In a new article for Saveur, Pittsburgh native Allie Wist gives readers a crash course on drinking in Pittsburgh. “These days, this almost-Midwestern, recently revitalized city has a far richer drinking culture than outsiders may expect from a town still best known for its long-gone steel mills,” explains Wist in a piece titled, How Pittsburgh Is Becoming a Beer and Spirits Destination.
After a quick history lesson nodding to Pittsburgh’s German brewers and the Whiskey Rebellion, Wist turns her attention to the city’s current drinking life. Though breweries, distilleries and bars are opening at a rapid clip, many are firmly rooted in the past. Wist points to outfits like Arsenal Cider, Wigle Whiskey and Church Brew Works, writing that businesses like these “make meaningful efforts to call back the city’s storied drinking history.”

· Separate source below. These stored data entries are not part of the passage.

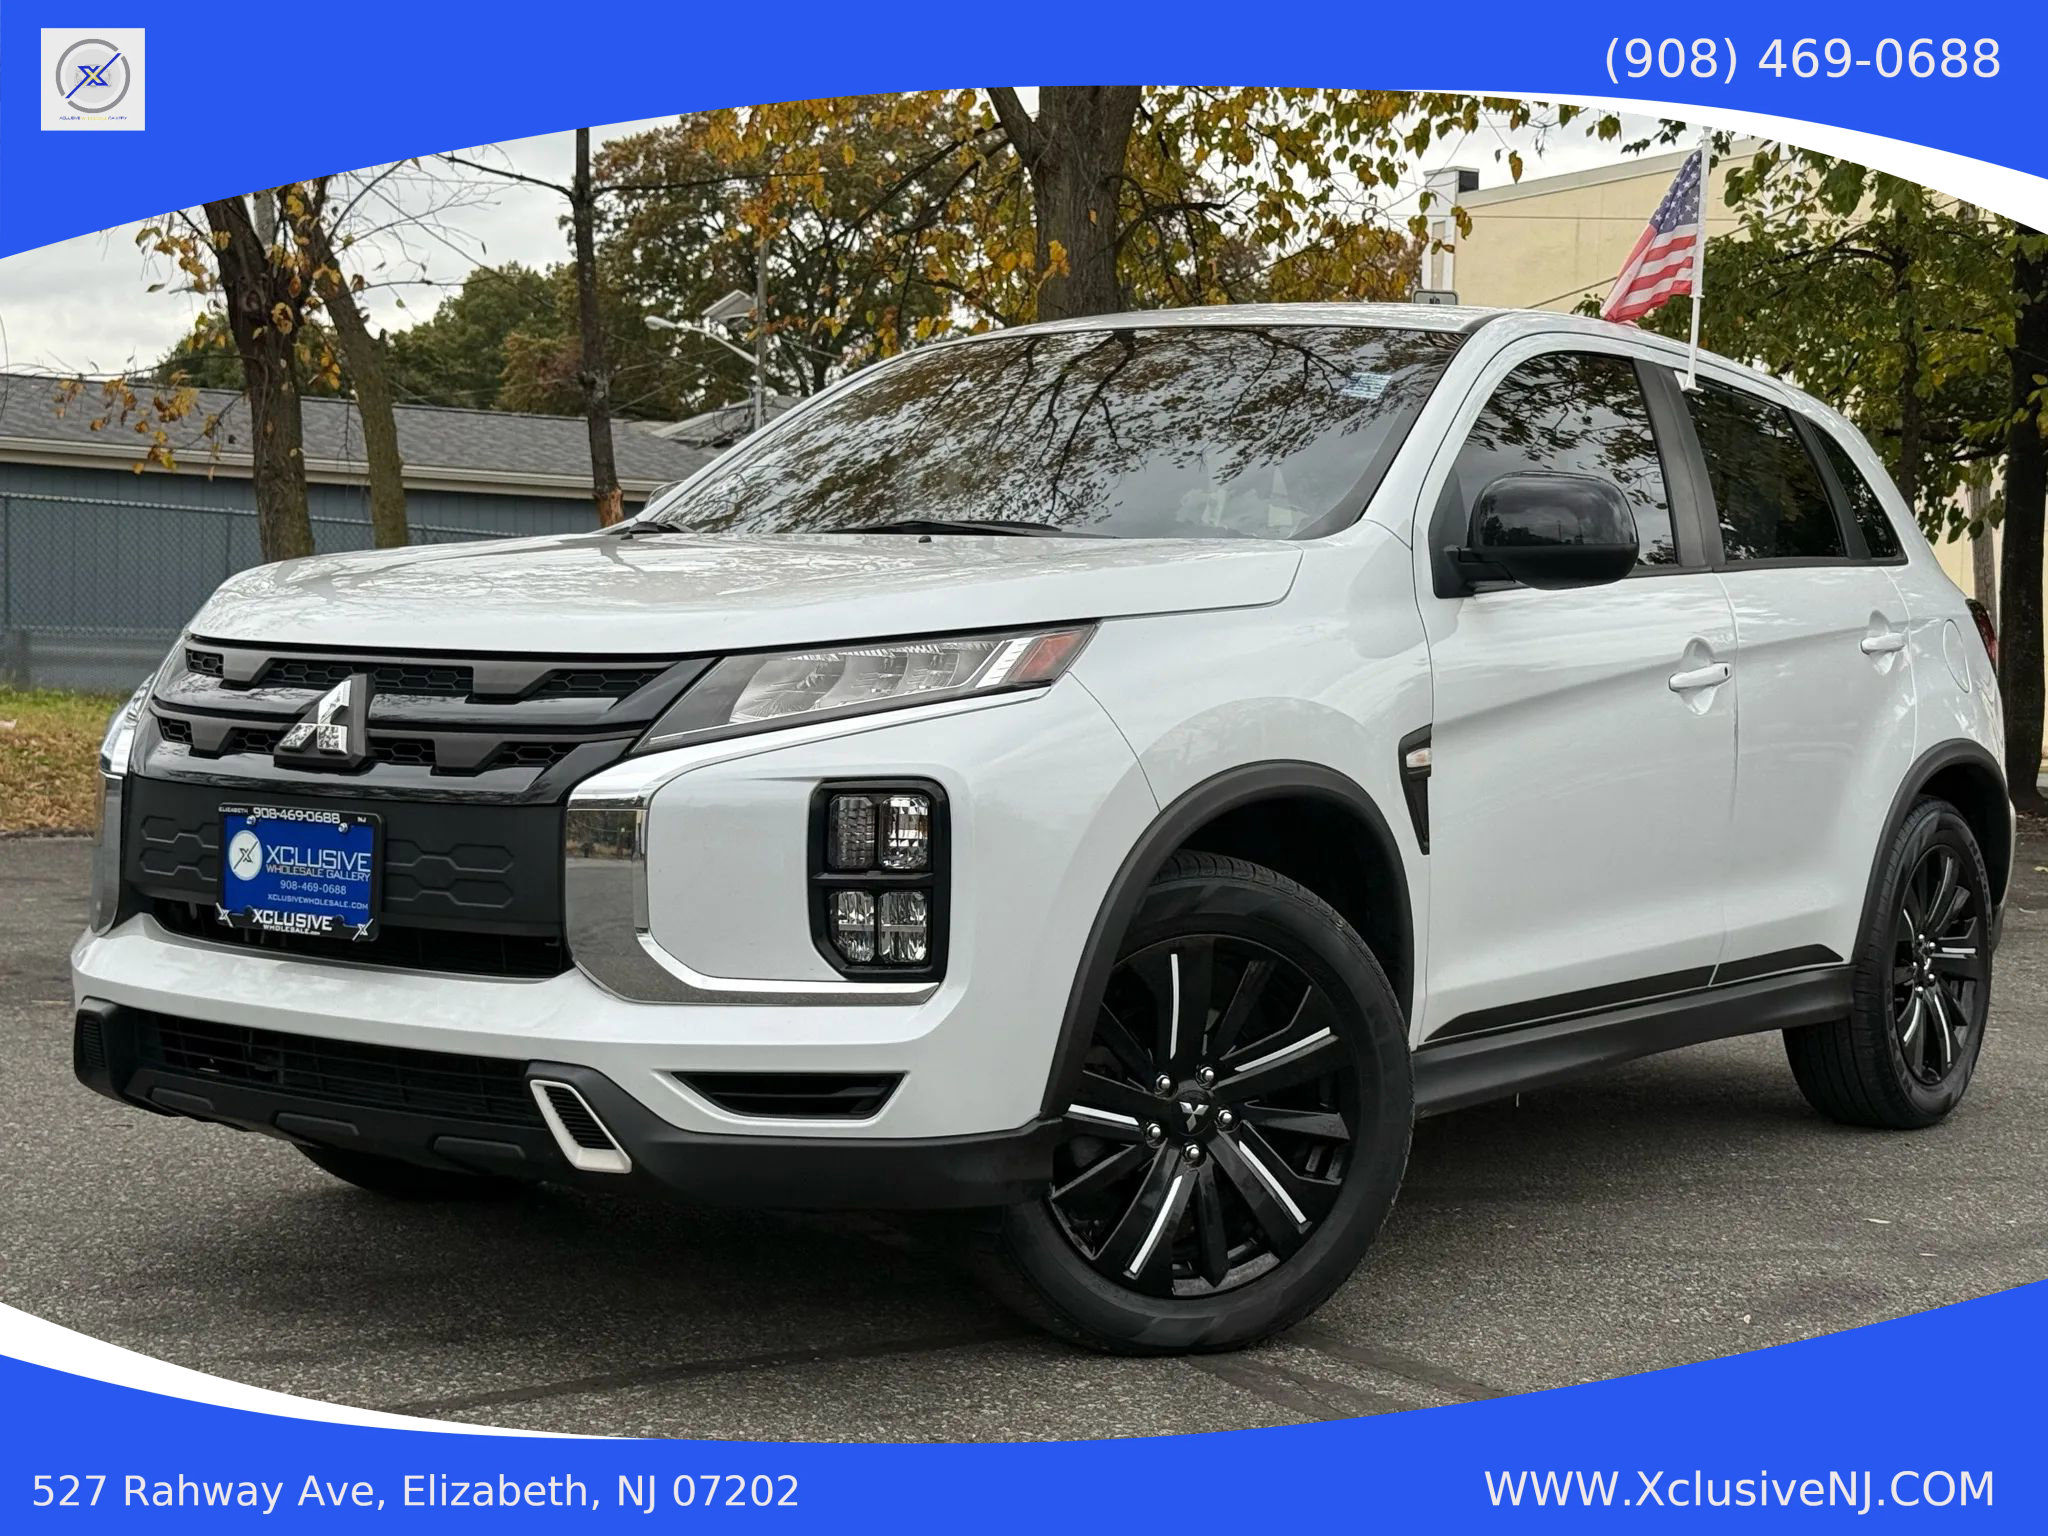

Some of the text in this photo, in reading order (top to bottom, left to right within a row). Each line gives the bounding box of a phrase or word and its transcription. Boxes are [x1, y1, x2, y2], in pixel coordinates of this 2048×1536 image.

[253, 806, 341, 825] 908-469-0688
[266, 844, 372, 873] XCLUSIVE
[266, 863, 371, 882] WHOLESALE GALLERY
[280, 879, 347, 895] 908-469-0688
[267, 893, 369, 910] XCLUSIVEWHOLESALE.COM
[252, 908, 333, 931] XCLUSIVE

More essential to the growth of Pittsburgh’s drinking culture is the enthusiastic, collaborative nature of the city’s drinkers, bartenders and producers. Wist quotes Maggie’s Farm owner Tim Russell, who says, “It is very supportive; so much so that I’ve had trouble keeping up with product demand. There is so much pride in the city.”
Though the article makes a few small missteps (the Deutschtown neighborhood is called Deutchland; Phillip Wigle is referred to as Peter) and one could certainly quibble with Wist’s specific selections, she lays out a solid introduction to some of the city’s major players.